In light of the current worldwide financial crisis, it seems strangely comforting to see a country who have been blighted by savage recession for nearly two decades and still produce a blistering comedy about it. Japan’s almost mythical economic post-war rise finally came to an end – perhaps inevitably so – at the beginning of the 90s and may never recover its previous lustre. Not that my intention is to depress our Asian readers or scare the rest of the world with prophecies pointing to the same thing happening worldwide now, but this gives some basic exposition of the world around Yasuo Baba’s glorious ‘Bubble Fiction: Boom Or Bust’.
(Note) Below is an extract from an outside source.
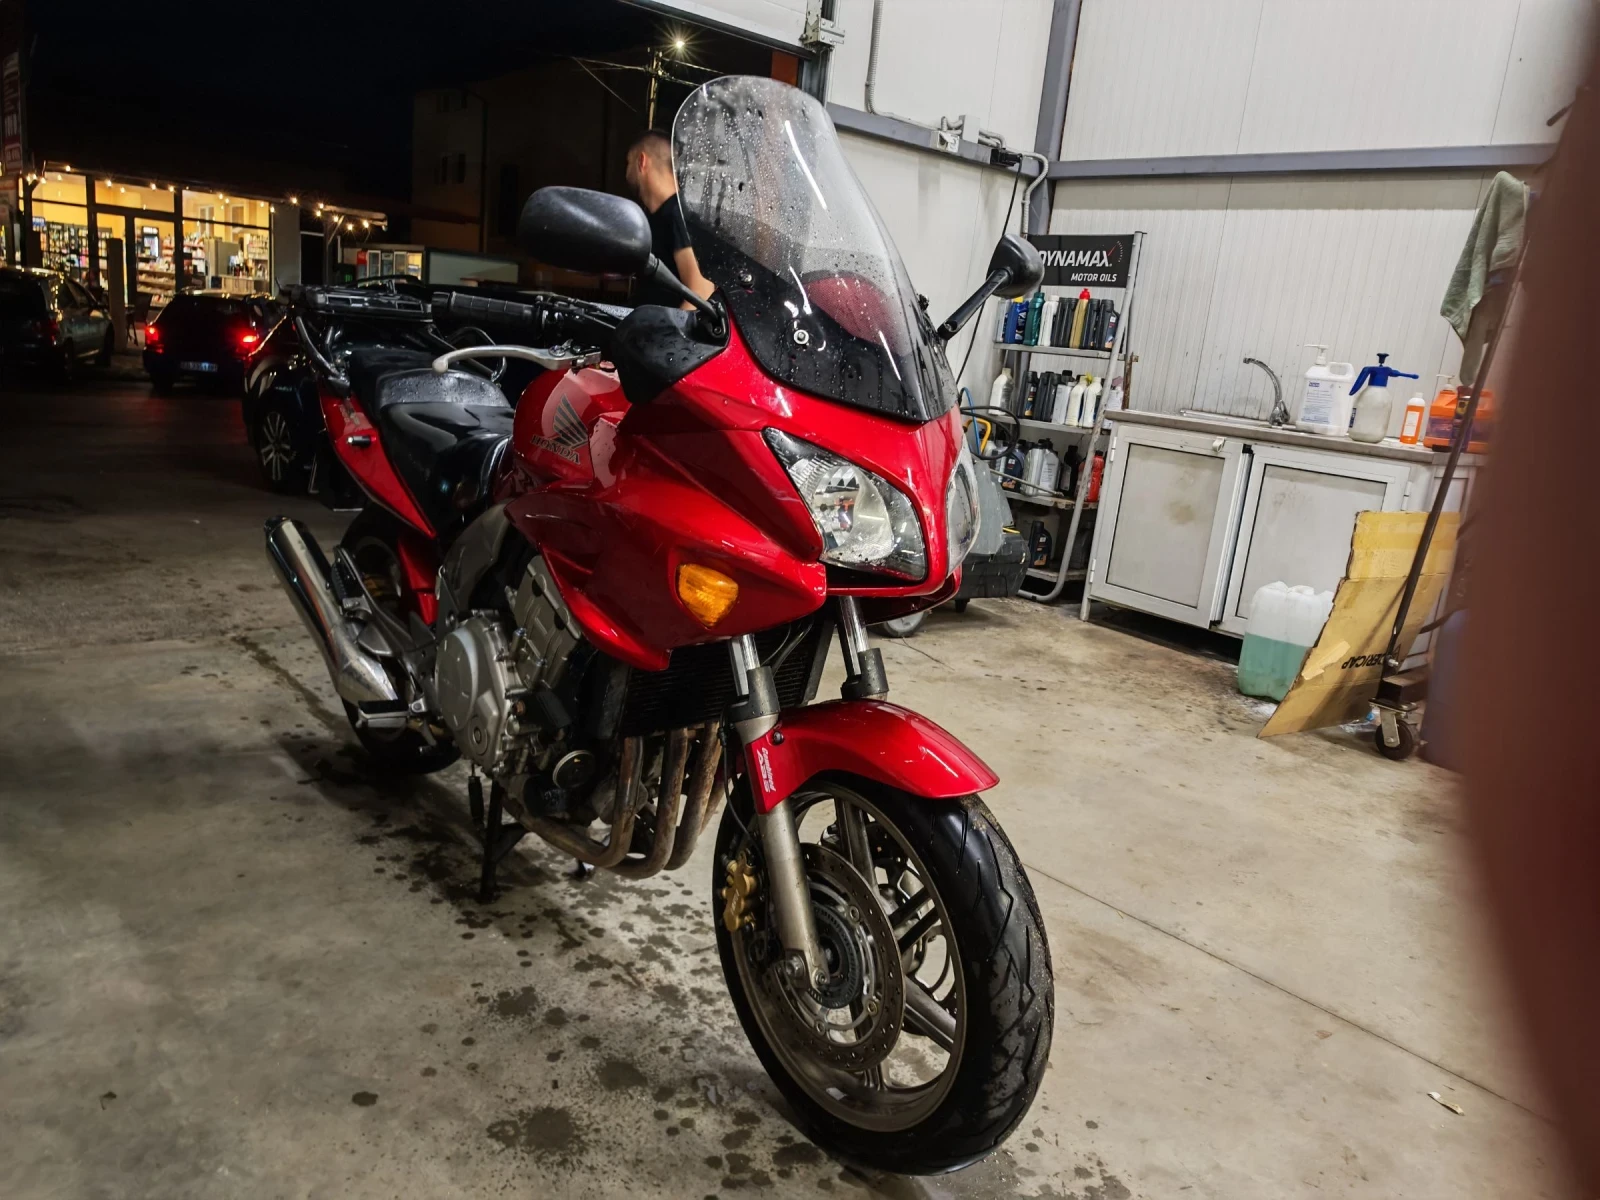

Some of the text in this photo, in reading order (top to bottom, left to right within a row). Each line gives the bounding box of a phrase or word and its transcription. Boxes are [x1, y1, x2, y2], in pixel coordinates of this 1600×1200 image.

[1070, 273, 1117, 282] MOTOR OILS
[530, 435, 580, 465] HONDA
The narrative begins with debt-ridden club-girl Mayumi (Hirosue) attending her mother’s funeral and being bothered by a persistent loan-shark as she leaves. Mayumi is pulled to one side by finance minister Shimokawaji and asked to meet him at the government offices to discover something that will be of interest to her. Initially she fears that another debt left by her errant boyfriend has been put upon her shoulders, but Shimokawaji tells her that, remarkably, her mother is still alive albeit trapped in 1989. Mayumi is obviously quite sceptical especially when she discovers that the time machine that sent her mother back is in fact a specially altered washing machine hidden in the bowels of a secret national research agency. Proof of the event is forthcoming though and the bewildered woman is suddenly confronted with a bizarre task: go back to 1989 in the same device, find her mother and complete the mission of stopping the bursting of Japan’s financial bubble.
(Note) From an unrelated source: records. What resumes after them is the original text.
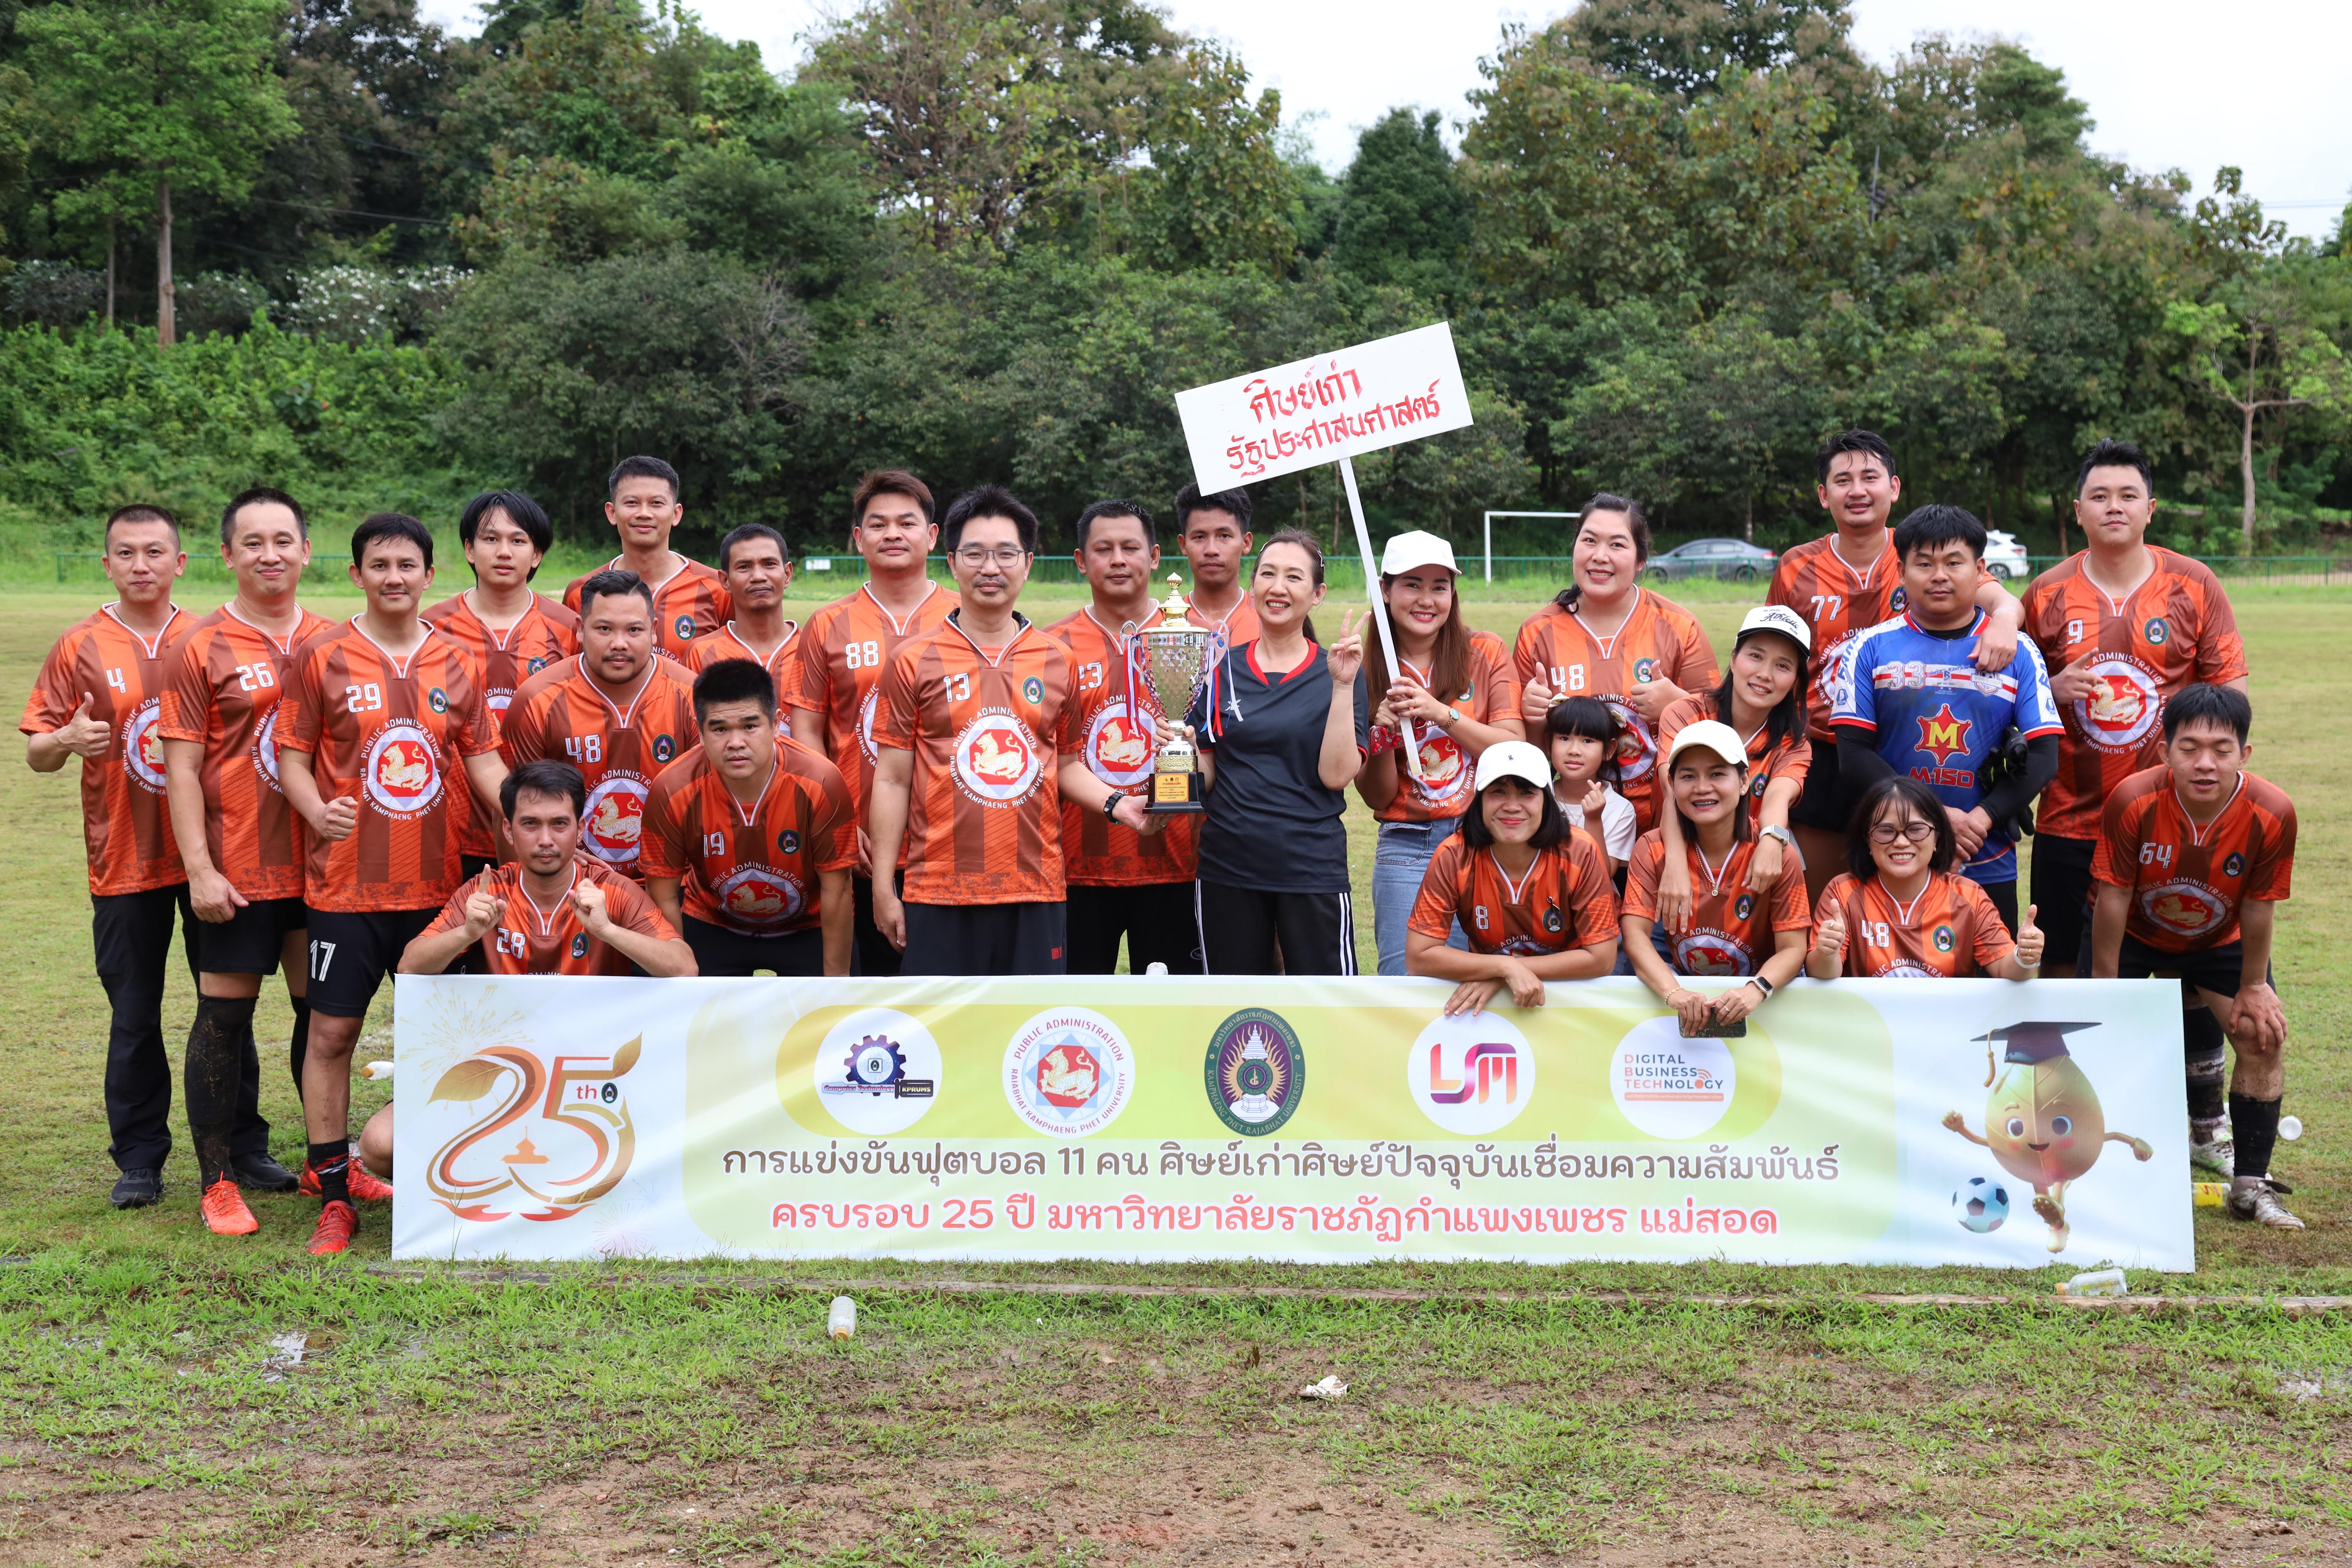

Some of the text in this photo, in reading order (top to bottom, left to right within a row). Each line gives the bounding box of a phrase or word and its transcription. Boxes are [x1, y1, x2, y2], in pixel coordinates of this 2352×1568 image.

[1243, 359, 1363, 424] ศิษย์เก่า
[1227, 377, 1441, 478] รัฐประศาสนศาสตร์
[1811, 595, 1842, 621] 77
[2067, 618, 2083, 645] 9
[845, 640, 879, 669] 88
[1819, 637, 1841, 664] PUBLIC
[106, 668, 127, 694] 4
[235, 662, 275, 692] 26
[943, 672, 971, 703] 13
[1550, 663, 1585, 692] 48
[1887, 661, 1926, 690] 33
[346, 682, 382, 713] 29
[859, 683, 879, 714] PUBLIC
[121, 709, 139, 740] PUBLIC
[952, 717, 976, 748] PUBLIC
[1082, 704, 1102, 735] PUBLIC
[361, 727, 384, 759] PUBLIC
[565, 733, 602, 764] 48
[1926, 721, 1961, 749] M
[2083, 736, 2125, 754] KAMPHAENG
[2129, 738, 2147, 752] PHET
[138, 778, 166, 795] KAMPHA
[601, 769, 652, 788] ADMINISTR
[949, 755, 965, 790] RAJABHAT
[963, 789, 1008, 808] KAMPHAENG
[1012, 795, 1027, 808] PHET
[1133, 782, 1150, 793] PHET
[1416, 795, 1449, 808] KAMPHAENG
[1451, 789, 1466, 803] PHET
[1463, 765, 1475, 789] UNIVER
[1909, 767, 1974, 789] M-150
[369, 799, 412, 820] KAMPHAENG
[415, 805, 431, 819] PHET
[703, 831, 725, 858] 19
[2139, 842, 2172, 868] 64
[710, 861, 804, 891] PUBLIC ADMINISTRATION
[2167, 877, 2234, 908] ADMINISTRATION
[1475, 905, 1489, 930] 8
[496, 927, 526, 960] 28
[1689, 926, 1753, 954] ADMINISTRATION
[1861, 919, 1890, 948] 48
[309, 940, 336, 982] 17
[1891, 958, 1947, 977] ADMINISTRA
[1014, 1018, 1124, 1061] PUBLIC ADMINISTRATION
[1625, 1054, 1685, 1064] DIGITAL
[1625, 1067, 1697, 1076] BUSINESS
[1011, 1068, 1125, 1134] RAJABHAT KAMPHAENG PHET UNIVERSITY
[1207, 1069, 1302, 1136] KAMPHAENG PHET RAJABHAT UNIVERSITY
[426, 1030, 643, 1205] 25 th
[723, 1133, 1840, 1190] การแข่งขันฟุตบอล 11 คน ศิษย์เก่าศิษย์ปัจจุบันเชื่อมความสัมพันธ์
[773, 1192, 1778, 1242] ครบรอบ 25 ปี มหาวิทยาลัยราชภัฏกำแพงเพชร แม่สอด
Mayumi eventually agrees to save the day and, wearing the special ‘Japan Finance Ministry’ swimsuit, is hurtled back 18 years. She arrives in 1989 and throws on the very 21st century clothes she has transported back with her, setting out into Tokyo to find her mother. Mayumi is immediately struck by the lavish opulence around her as her countryfolk, completely unaware of the impending doom, throw money around without a care in the world. When she finally meets up with the past version of Shimokawaji, she is shocked to see that the stoic, serious-minded minister of 2007 is a hopelessly oily Lothario in the current time. He oozes up to her and blindly agrees to her time-travel story so that he can take advantage of her. Unfortunately, there is a twist around the corner for the pair and someone well aware of her arrival is already plotting to stop the plan.
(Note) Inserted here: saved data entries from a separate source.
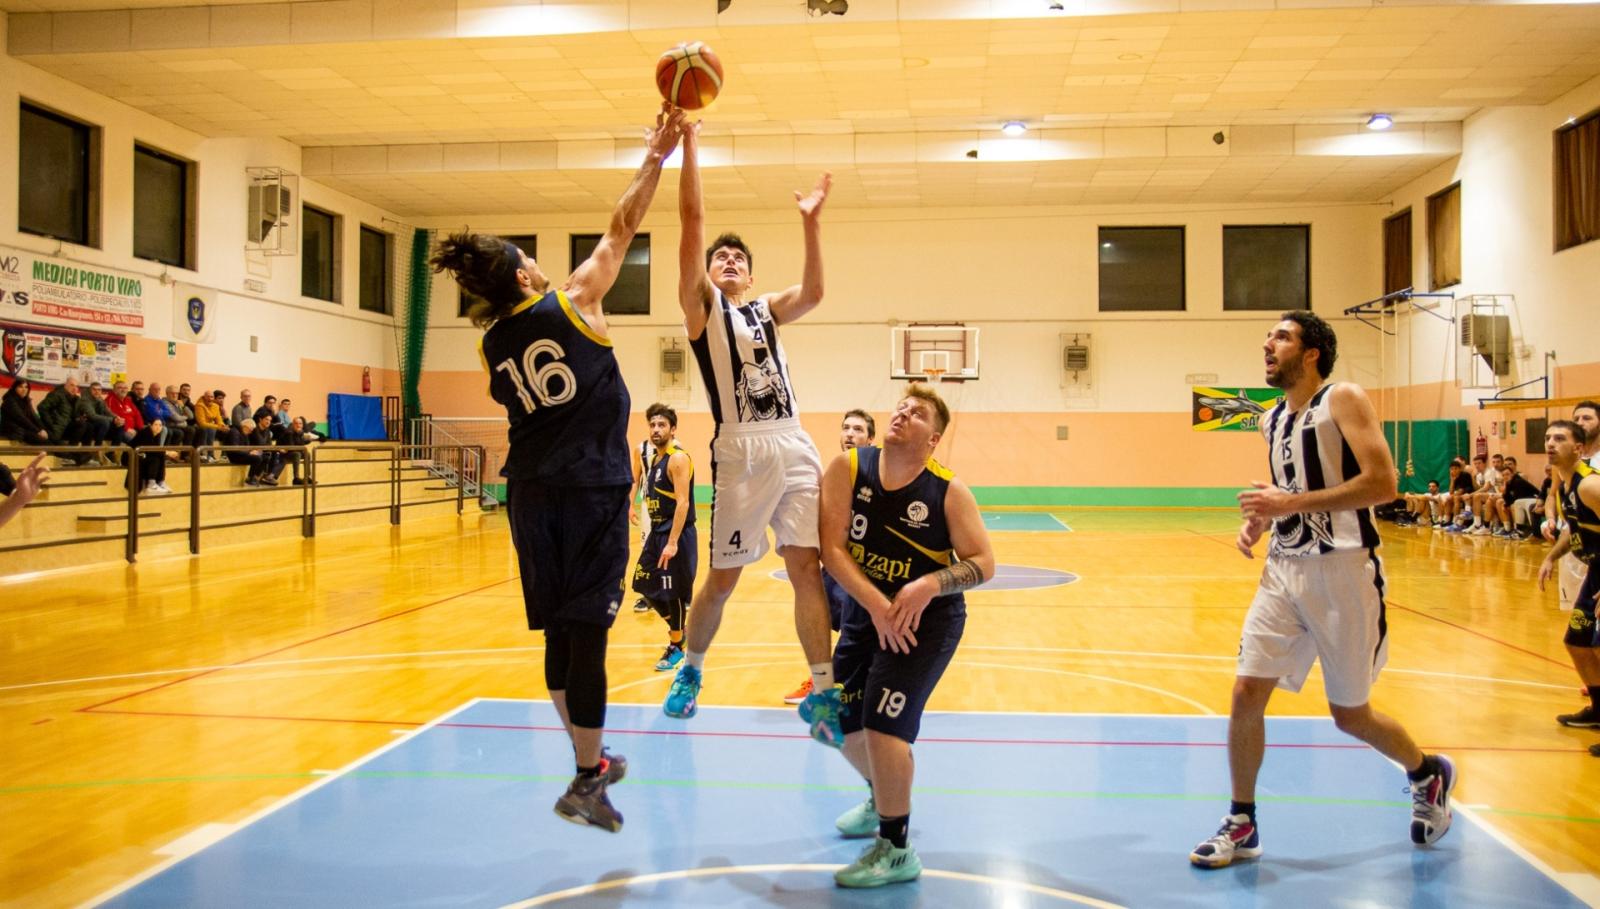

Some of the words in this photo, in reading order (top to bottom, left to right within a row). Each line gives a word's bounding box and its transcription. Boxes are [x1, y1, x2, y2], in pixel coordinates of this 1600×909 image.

[32, 260, 78, 287] MEDICA
[80, 270, 115, 293] PORTO
[117, 277, 142, 297] VIRO
[752, 327, 765, 344] 4
[496, 338, 577, 414] 16
[1281, 440, 1293, 461] 15
[728, 529, 742, 550] 4
[851, 510, 868, 540] 9
[661, 575, 673, 590] 11
[866, 552, 912, 583] zapi
[876, 687, 907, 718] 19
It may be an oxymoron to say Japanese humour thrives on dead-pan zaniness, but that’s exactly what we’re once again treated to in ‘Bubble Fiction: Boom Or Bust’, a comedy that has its own national sensibility stamped all over it yet is always accessible. As with so many great Japanese comedies of the modern era, the story starts relatively slowly and then develops a self-confidence that ensures the majority of the film is a real treat. ‘Bubble Fiction: Boom Or Bust’ is also furnished with a sharp satirical edge, pointedly highlighting the pre-recession decadence and the sheer arrogance of those in power at the time. Once again, such satire is easy to appreciate for viewers outside of the Far East as the targets are worryingly familiar.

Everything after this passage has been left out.